### ABOUT THIS EXERCISE
The entries shown below should be output exactly as they appear.

[Stored data]

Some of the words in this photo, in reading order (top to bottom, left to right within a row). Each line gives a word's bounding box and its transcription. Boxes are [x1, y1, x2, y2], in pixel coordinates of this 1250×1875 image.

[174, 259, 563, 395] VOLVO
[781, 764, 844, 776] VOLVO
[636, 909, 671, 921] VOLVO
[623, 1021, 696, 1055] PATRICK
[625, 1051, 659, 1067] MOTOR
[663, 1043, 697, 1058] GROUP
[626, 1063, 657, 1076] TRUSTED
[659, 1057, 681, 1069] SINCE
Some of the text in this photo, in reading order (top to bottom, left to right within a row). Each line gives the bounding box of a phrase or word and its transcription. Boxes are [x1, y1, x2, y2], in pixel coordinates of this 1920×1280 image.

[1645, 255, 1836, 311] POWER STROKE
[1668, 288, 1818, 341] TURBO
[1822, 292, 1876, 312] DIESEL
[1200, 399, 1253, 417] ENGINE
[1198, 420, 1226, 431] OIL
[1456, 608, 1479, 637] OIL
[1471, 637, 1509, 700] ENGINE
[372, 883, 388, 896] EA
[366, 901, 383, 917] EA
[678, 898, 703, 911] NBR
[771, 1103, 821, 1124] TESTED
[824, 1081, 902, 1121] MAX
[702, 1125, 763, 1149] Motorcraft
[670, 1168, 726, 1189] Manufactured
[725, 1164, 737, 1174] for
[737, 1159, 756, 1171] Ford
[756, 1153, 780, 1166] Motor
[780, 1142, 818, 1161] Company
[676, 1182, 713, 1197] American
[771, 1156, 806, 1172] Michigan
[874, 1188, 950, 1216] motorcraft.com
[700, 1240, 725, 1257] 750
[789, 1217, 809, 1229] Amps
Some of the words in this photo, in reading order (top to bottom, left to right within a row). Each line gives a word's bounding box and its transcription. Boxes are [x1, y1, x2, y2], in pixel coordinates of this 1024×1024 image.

### TASK ANSWER
Some of the words in this photo, in reading order (top to bottom, left to right within a row). Each line gives a word's bounding box and its transcription. Boxes are [x1, y1, x2, y2], in pixel coordinates of this 1250×1875 image.

[174, 259, 563, 395] VOLVO
[781, 764, 844, 776] VOLVO
[636, 909, 671, 921] VOLVO
[623, 1021, 696, 1055] PATRICK
[625, 1051, 659, 1067] MOTOR
[663, 1043, 697, 1058] GROUP
[626, 1063, 657, 1076] TRUSTED
[659, 1057, 681, 1069] SINCE
Some of the text in this photo, in reading order (top to bottom, left to right within a row). Each line gives the bounding box of a phrase or word and its transcription. Boxes are [x1, y1, x2, y2], in pixel coordinates of this 1920×1280 image.

[1645, 255, 1836, 311] POWER STROKE
[1668, 288, 1818, 341] TURBO
[1822, 292, 1876, 312] DIESEL
[1200, 399, 1253, 417] ENGINE
[1198, 420, 1226, 431] OIL
[1456, 608, 1479, 637] OIL
[1471, 637, 1509, 700] ENGINE
[372, 883, 388, 896] EA
[366, 901, 383, 917] EA
[678, 898, 703, 911] NBR
[771, 1103, 821, 1124] TESTED
[824, 1081, 902, 1121] MAX
[702, 1125, 763, 1149] Motorcraft
[670, 1168, 726, 1189] Manufactured
[725, 1164, 737, 1174] for
[737, 1159, 756, 1171] Ford
[756, 1153, 780, 1166] Motor
[780, 1142, 818, 1161] Company
[676, 1182, 713, 1197] American
[771, 1156, 806, 1172] Michigan
[874, 1188, 950, 1216] motorcraft.com
[700, 1240, 725, 1257] 750
[789, 1217, 809, 1229] Amps
Some of the words in this photo, in reading order (top to bottom, left to right within a row). Each line gives a word's bounding box and its transcription. Boxes are [x1, y1, x2, y2], in pixel coordinates of this 1024×1024 image.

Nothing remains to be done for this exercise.